Liceo Made in Italy, presto ci si potrà iscrivere | Cosa si insegnerà nelle nuove classi

Mentre si avvicina a grandi falcate l’apertura della finestra per inviare le domande, emergono nuovi dettagli sul percorso di studi.

Si compie finalmente l’audace progetto del ministro delle Imprese e del Made in Italy, Adolfo Urso. A breve gli studenti potranno cominciare a sottoscrivere le proprie candidature per il percorso di studi che nascerà sull’impianto del liceo delle scienze umane opzione economico-sociale, ovvero quello voluto da Maria Stella Gelmini nel 2010 per rimpiazzare ragioneria.

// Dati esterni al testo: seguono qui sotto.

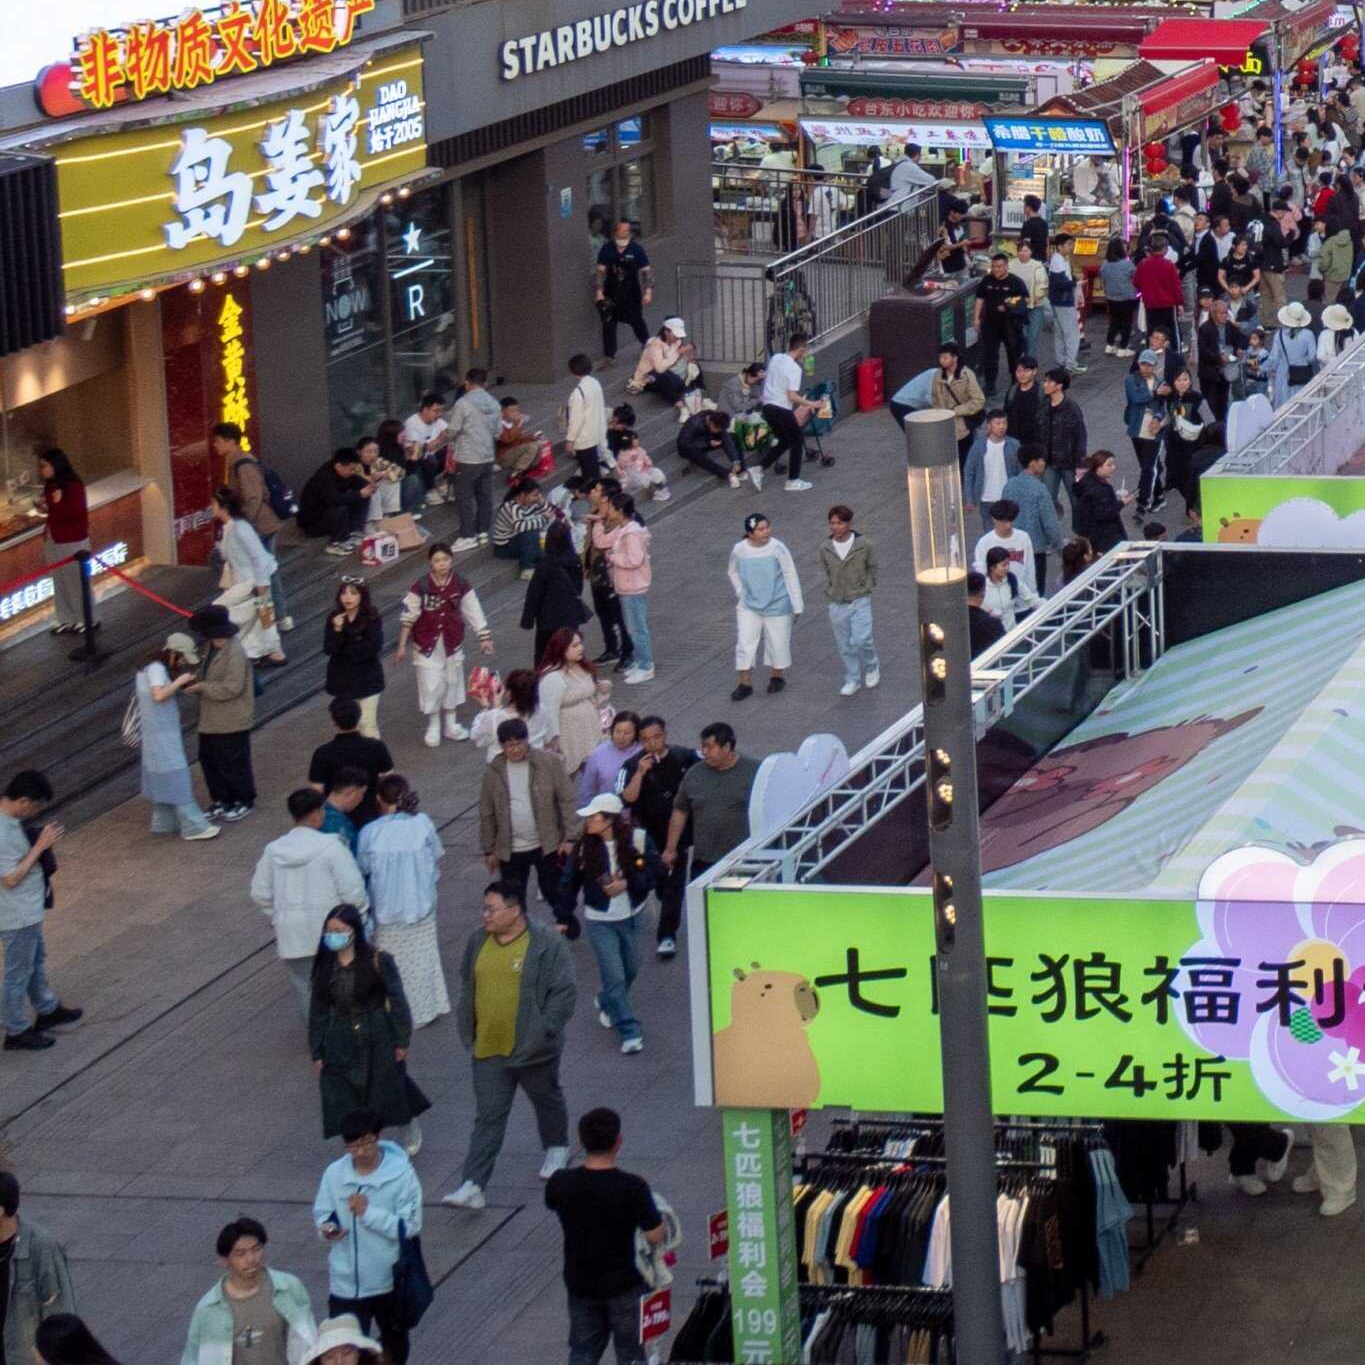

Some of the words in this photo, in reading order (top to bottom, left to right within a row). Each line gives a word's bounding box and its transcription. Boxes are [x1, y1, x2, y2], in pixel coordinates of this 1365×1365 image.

Nasce il liceo del Made in Italy, di cosa si tratta
Le prime classi del nuovo liceo del Made in Italy saranno attivate a partire dall’anno scolastico 2024-2025 – Foto Ansa – formatonews.it

Se ne parla da tempo del liceo del Made in Italy, presto diventerà realtà. L’operazione si inserisce all’interno della più ampia riforma che andrà a stravolgere l’assetto delle scuole superiori. Questa rivoluzione, in particolare, comporterà l’aggiunta di tre ore di economia che andranno a sostituire rispettivamente quelle di sociologia, psicologia e antropologia.

Non solo, perché diminuiscono le ore da dedicare alla seconda lingua – passano da tre a due – per fare spazio a un’ora di storia dell’arte. Si tratterà di una metamorfosi graduale, che continuerà almeno fino al 2025.

Liceo del Made in Italy, al via da gennaio le iscrizioni

Alla fine è riuscita a spuntarla il ministro delle Imprese e del Made in Italy, Adolfo Urso, che vede approvata la legge che introdurrà le prime modifiche allo schema didattico del liceo delle scienze umane economico-sociale. Un percorso lungo che ha come fine ultimo la creazione del tanto chiacchierato liceo del Made in Italy, con le prime iscrizioni che inizieranno a pervenire già nella prima parte del 2024.

Liceo del Made in Italy, dal 23 gennaio le iscrizioni
Il ministro dell’Istruzione, Giuseppe Valditara, a colloquio con Adolfo Urso, ministro delle Imprese e del Made in Italy – Foto Ansa – formatonews.it

La dichiarazione d’intenti della misura è affidata alle parole del ministro dell’Istruzione, Giuseppe Valditara, che pone come obiettivo il “valorizzare e promuovere le eccellenze italiane, una parte qualificante della nostra riforma della scuola che avvicina istruzione e mondo del lavoro”. La volontà in parole povere è quella di riunire sotto un unico indirizzo la formazione proveniente dalle discipline umanistiche e da quelle Stem – in programma, tra l’altro, ci sono corsi di aggiornamento per gli insegnanti.

Si partirà inizialmente con poche classi – attive dall’anno scolastico 2024-2025 – visto che saranno utilizzate le risorse attualmente a disposizione. Non si interverrà livello di personale, nessun incremento di organico. I dettagli dei regolamenti non sono stati ancora limati, tuttavia dal 23 gennaio ogni studente potrà già scegliere il nuovo corso di studi attraverso la piattaforma ‘Unica’– le candidature per tutti gli altri potranno essere inviate ancor prima, dal 18 gennaio.